====== Source information
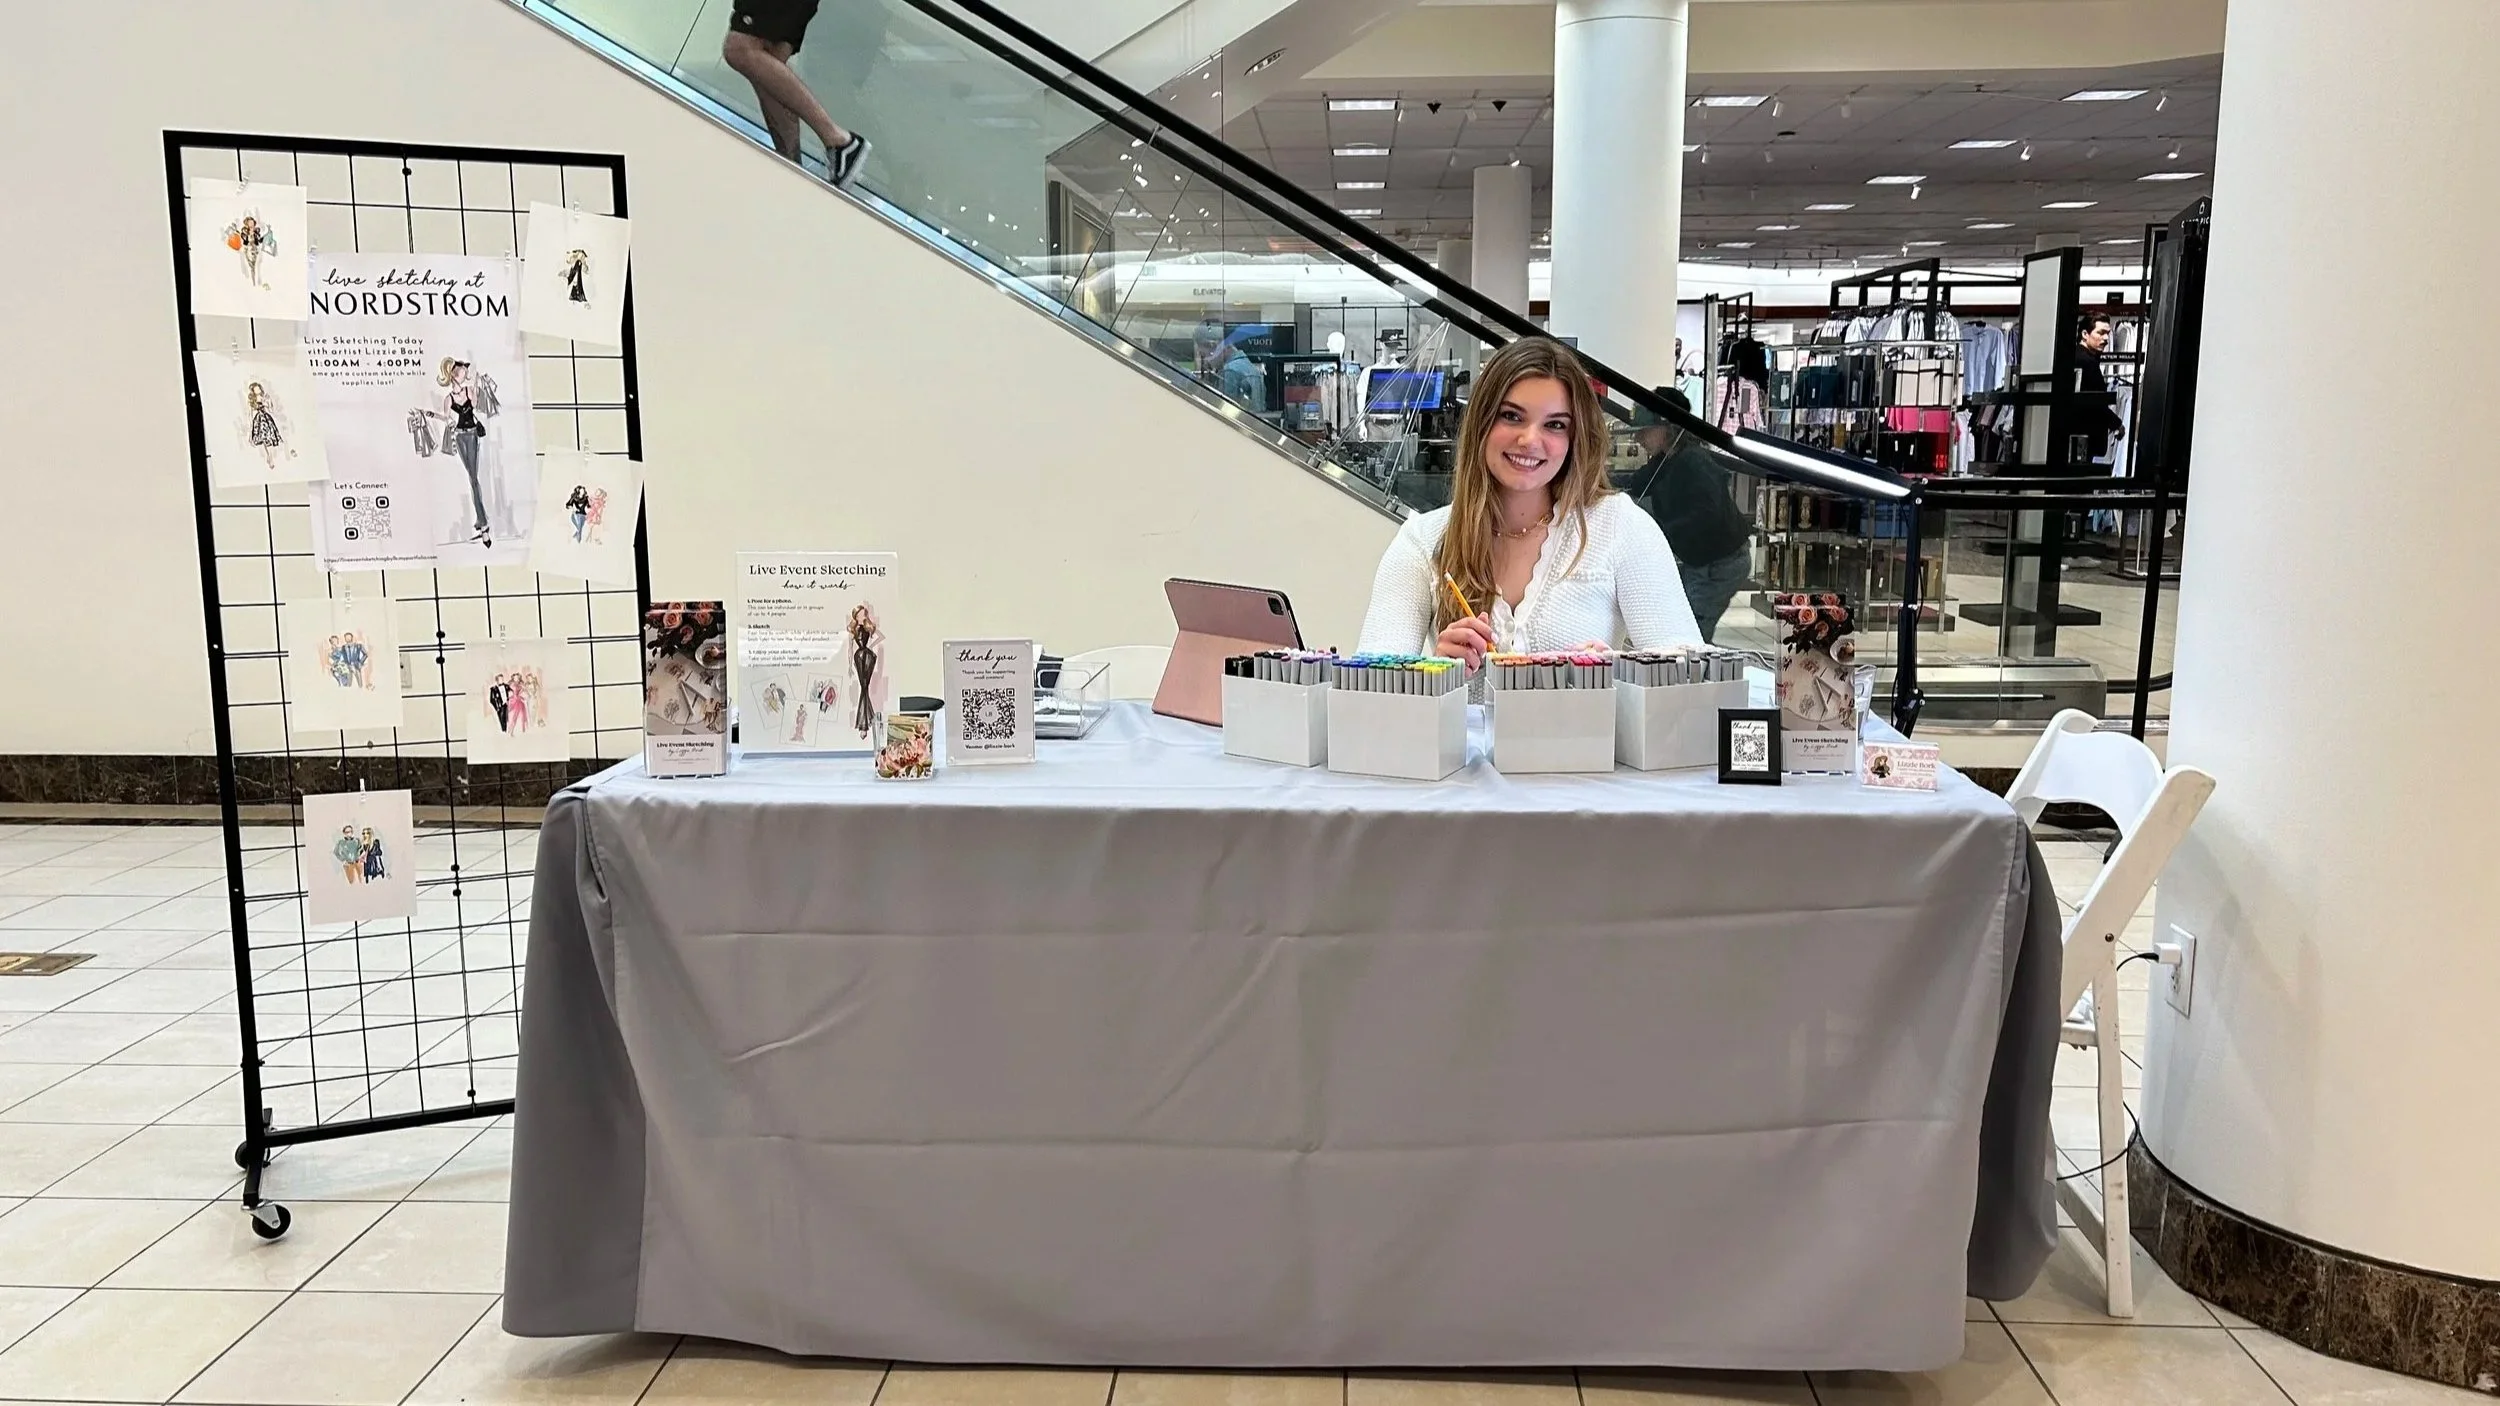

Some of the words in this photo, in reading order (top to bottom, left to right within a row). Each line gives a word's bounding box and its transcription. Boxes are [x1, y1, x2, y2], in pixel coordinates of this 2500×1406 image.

[322, 268, 366, 287] live
[376, 268, 458, 295] sketching
[464, 271, 486, 288] at
[310, 291, 509, 317] NORDSTROM
[303, 336, 327, 344] Live
[333, 336, 386, 345] Sketching
[392, 336, 423, 345] Today
[1247, 338, 1273, 346] vuori
[365, 347, 397, 355] Lizzie
[309, 359, 360, 367] 11:00AM
[376, 359, 421, 367] 4:00PM
[355, 481, 389, 489] Connect:
[749, 564, 777, 575] Live
[780, 564, 818, 575] Event
[820, 564, 886, 577] Sketching
[781, 579, 804, 589] how
[806, 579, 817, 589] it
[818, 579, 855, 590] works
[955, 648, 994, 662] thank
[992, 655, 1018, 670] you
[1752, 726, 1765, 734] you
============
(Task goal):
Your copy should hold all the data word for word. It should hold no pictures.

(Task output):
Some of the words in this photo, in reading order (top to bottom, left to right within a row). Each line gives a word's bounding box and its transcription. Boxes are [x1, y1, x2, y2], in pixel coordinates of this 2500×1406 image.

[322, 268, 366, 287] live
[376, 268, 458, 295] sketching
[464, 271, 486, 288] at
[310, 291, 509, 317] NORDSTROM
[303, 336, 327, 344] Live
[333, 336, 386, 345] Sketching
[392, 336, 423, 345] Today
[1247, 338, 1273, 346] vuori
[365, 347, 397, 355] Lizzie
[309, 359, 360, 367] 11:00AM
[376, 359, 421, 367] 4:00PM
[355, 481, 389, 489] Connect:
[749, 564, 777, 575] Live
[780, 564, 818, 575] Event
[820, 564, 886, 577] Sketching
[781, 579, 804, 589] how
[806, 579, 817, 589] it
[818, 579, 855, 590] works
[955, 648, 994, 662] thank
[992, 655, 1018, 670] you
[1752, 726, 1765, 734] you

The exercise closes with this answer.